Data for review Start Marker

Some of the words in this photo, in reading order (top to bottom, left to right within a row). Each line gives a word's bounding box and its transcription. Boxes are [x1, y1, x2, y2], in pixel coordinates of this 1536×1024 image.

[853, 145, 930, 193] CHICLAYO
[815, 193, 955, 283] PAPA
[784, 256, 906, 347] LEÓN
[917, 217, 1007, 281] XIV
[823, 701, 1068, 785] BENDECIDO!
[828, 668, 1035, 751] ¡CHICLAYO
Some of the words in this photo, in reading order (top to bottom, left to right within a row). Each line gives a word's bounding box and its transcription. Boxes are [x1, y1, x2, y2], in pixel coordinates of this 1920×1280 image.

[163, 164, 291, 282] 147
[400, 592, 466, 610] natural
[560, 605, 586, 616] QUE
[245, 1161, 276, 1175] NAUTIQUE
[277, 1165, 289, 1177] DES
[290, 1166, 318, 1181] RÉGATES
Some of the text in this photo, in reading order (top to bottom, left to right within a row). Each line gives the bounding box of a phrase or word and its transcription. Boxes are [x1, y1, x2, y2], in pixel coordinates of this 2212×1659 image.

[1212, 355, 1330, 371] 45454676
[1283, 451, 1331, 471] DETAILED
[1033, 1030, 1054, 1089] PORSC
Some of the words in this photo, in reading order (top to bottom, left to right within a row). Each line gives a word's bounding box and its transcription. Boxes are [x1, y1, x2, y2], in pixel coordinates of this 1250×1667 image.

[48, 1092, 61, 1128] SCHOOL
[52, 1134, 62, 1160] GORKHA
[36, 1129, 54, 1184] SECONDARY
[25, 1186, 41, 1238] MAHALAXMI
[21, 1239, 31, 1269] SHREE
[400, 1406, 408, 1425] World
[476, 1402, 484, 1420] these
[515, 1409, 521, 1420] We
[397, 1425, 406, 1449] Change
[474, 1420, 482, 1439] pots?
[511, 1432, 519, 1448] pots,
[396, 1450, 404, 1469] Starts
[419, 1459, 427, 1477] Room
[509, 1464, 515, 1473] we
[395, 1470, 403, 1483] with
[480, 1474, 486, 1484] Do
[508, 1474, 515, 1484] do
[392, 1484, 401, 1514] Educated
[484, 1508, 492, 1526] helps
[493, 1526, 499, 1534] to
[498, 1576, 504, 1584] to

Data for review End Marker

Task prompt
The full listing above needs to be output exactly.

Answer area
Some of the words in this photo, in reading order (top to bottom, left to right within a row). Each line gives a word's bounding box and its transcription. Boxes are [x1, y1, x2, y2], in pixel coordinates of this 1536×1024 image.

[853, 145, 930, 193] CHICLAYO
[815, 193, 955, 283] PAPA
[784, 256, 906, 347] LEÓN
[917, 217, 1007, 281] XIV
[823, 701, 1068, 785] BENDECIDO!
[828, 668, 1035, 751] ¡CHICLAYO
Some of the words in this photo, in reading order (top to bottom, left to right within a row). Each line gives a word's bounding box and its transcription. Boxes are [x1, y1, x2, y2], in pixel coordinates of this 1920×1280 image.

[163, 164, 291, 282] 147
[400, 592, 466, 610] natural
[560, 605, 586, 616] QUE
[245, 1161, 276, 1175] NAUTIQUE
[277, 1165, 289, 1177] DES
[290, 1166, 318, 1181] RÉGATES
Some of the text in this photo, in reading order (top to bottom, left to right within a row). Each line gives the bounding box of a phrase or word and its transcription. Boxes are [x1, y1, x2, y2], in pixel coordinates of this 2212×1659 image.

[1212, 355, 1330, 371] 45454676
[1283, 451, 1331, 471] DETAILED
[1033, 1030, 1054, 1089] PORSC
Some of the words in this photo, in reading order (top to bottom, left to right within a row). Each line gives a word's bounding box and its transcription. Boxes are [x1, y1, x2, y2], in pixel coordinates of this 1250×1667 image.

[48, 1092, 61, 1128] SCHOOL
[52, 1134, 62, 1160] GORKHA
[36, 1129, 54, 1184] SECONDARY
[25, 1186, 41, 1238] MAHALAXMI
[21, 1239, 31, 1269] SHREE
[400, 1406, 408, 1425] World
[476, 1402, 484, 1420] these
[515, 1409, 521, 1420] We
[397, 1425, 406, 1449] Change
[474, 1420, 482, 1439] pots?
[511, 1432, 519, 1448] pots,
[396, 1450, 404, 1469] Starts
[419, 1459, 427, 1477] Room
[509, 1464, 515, 1473] we
[395, 1470, 403, 1483] with
[480, 1474, 486, 1484] Do
[508, 1474, 515, 1484] do
[392, 1484, 401, 1514] Educated
[484, 1508, 492, 1526] helps
[493, 1526, 499, 1534] to
[498, 1576, 504, 1584] to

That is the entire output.